Navigating M&A with Brad Gevurtz

December 2023

Matt Compton & Alline Akintore

The M&A process can be daunting and, if poorly executed, excruciating. It doesn’t have to be. At our recent workshop for portfolio company leaders, Matt sat down with OVF venture partner Brad Gevurtz to talk about what businesses should be doing now to prepare for an optimal exit.

Brad is a managing director of the investment banking group at D.A Davidson, focused on the technology sector. He started his investment banking career at J.P Morgan and has over 30 years of experience in investment banking with expertise in M&A, strategic capital, public equities, and structuring debt securities.

Some takeaways from the workshop:

BRAD’s M&A TRUISMS:

  1. M&A always takes longer than expected.

  2. CEOs can only negotiate as good as their backup offer. Note: do not bluff to try to drive up the purchase price

  3. Time kills all deals, especially between LOI signature and closing. Move as fast as feasible from the letter of intent to deal close. Only bad things happen with delays.

  4. The most important thing a CEO can do once the company is in a deal process is hit the numbers.

BE PREPARED - Getting the process right will likely make a difference in the outcome:

  1. For CEOs, the M&A process starts before it kicks off.

    • Have a bench of top tier management, especially an experienced, impactful CFO. The CFO is instrumental in preparing material to tell the company story. The CEO will be almost completely occupied by this process and so the rest of the leadership team will need to be able to run the business and deliver on the operating plan during the M&A process.

    • Where possible, cultivate trusted relationships with potential buyers in advance, this can take quarters or even years.

    • Meet or exceed the operating plan, especially leading up to and during the M&A process. This builds trust and credibility. Do not give the buyer(s) an excuse to re-trade. In the current market conditions, buyers do not need much to justify changing the deal.  

    • Profitability is a valuation driver as much as pure revenue growth in today’s market.

  2. Pick the right investment banker for you and your business. Ideally your banker has a recent track record of success in your specific sector, i.e. understands the company’s product, potential acquirers, and industry dynamics; and importantly, will listen to you and stay with you through to the end of the deal.

  3. Keep your board involved throughout the process. Transparency allows the CEO, the board, and the investment banker to stay on the same page and avoid surprises.

WINNING APPROACH

  1. Consider a two-stage process with potential acquirers:

    • First, an Indication of Interest (IOI) and then a Letter of Intent (LOI).

    • The management team should be ready for a well-prepared process after the IOI.

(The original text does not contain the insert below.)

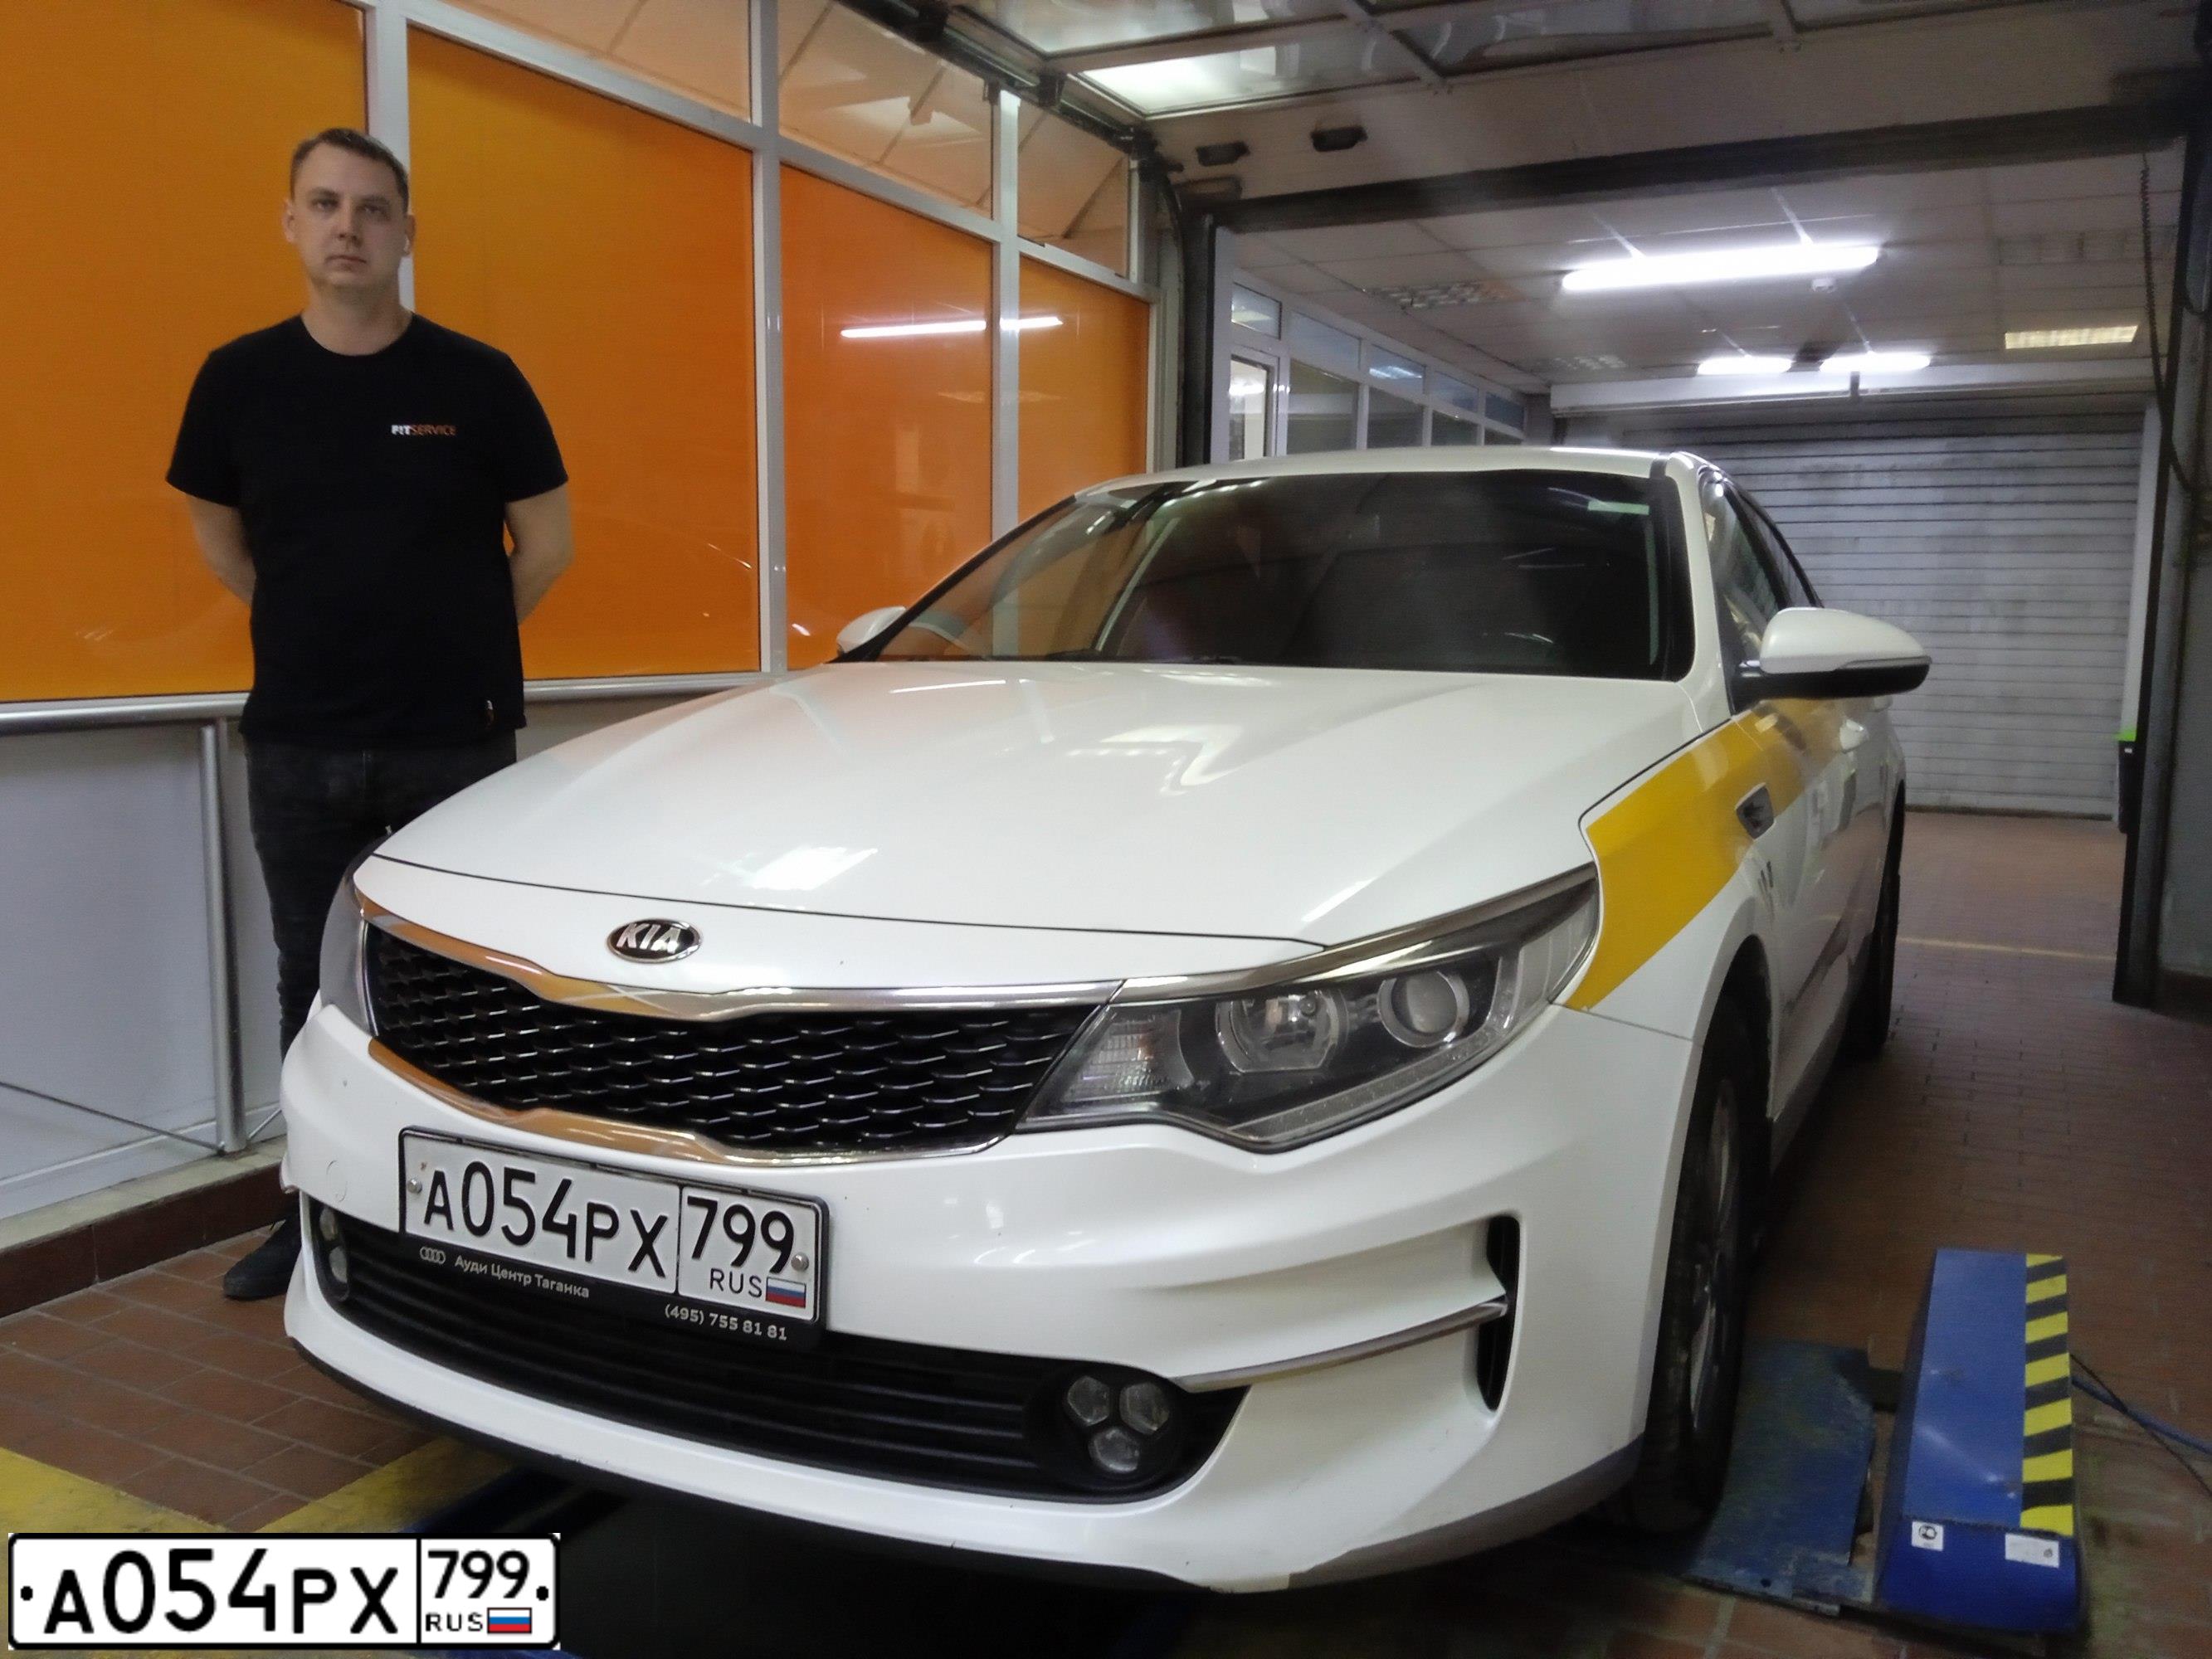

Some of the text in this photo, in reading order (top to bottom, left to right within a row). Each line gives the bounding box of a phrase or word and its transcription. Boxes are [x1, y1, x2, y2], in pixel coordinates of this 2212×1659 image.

    • Where possible, do not rush to an LOI; rigorous due diligence before the LOI allows the acquirer and the seller to address any sticky issues that could affect the close. The more diligence an acquirer can do before an LOI, the less likely they can re-trade the deal on price.

  2. Brad shared how CEOs can negotiate from a position of strength:

    • Hit your numbers. Also, make reasonable assumptions about company growth as part of the prospectus.

    • Be over prepared: Carry out independent sell-side quality of earnings, with an accounting firm and, when possible, an independent legal opinion on the company to identify problems before kicking off the process.

CLOSING THE DEAL

  1. CEOs should think like “buyers” as well. Ask questions and prioritize learning about an acquirer’s previous acquisitions:

    • How are those companies doing today?

    • Were earnouts achieved? What earnout issues surfaced?

    • Connect with acquired company CEOs and learn from their experience.

  2. When a CEO receives an LOI and a Purchase/Sell Agreement, make sure it is understood in its entirety. The purchase price is important, but many a CEO has lost a deal because they unintentionally violated the terms of the agreement. Most common trip-ups are the definition of knowledge and the qualifiers in the representations sections. 

  3. Have a credible back up deal. This is the single most important factor in closing the deal you want.

Matt Compton leads portfolio support and success for OVF and works with our portfolio company CEOs to navigate M&A. Alline Akintore leads the fund’s research and diligence.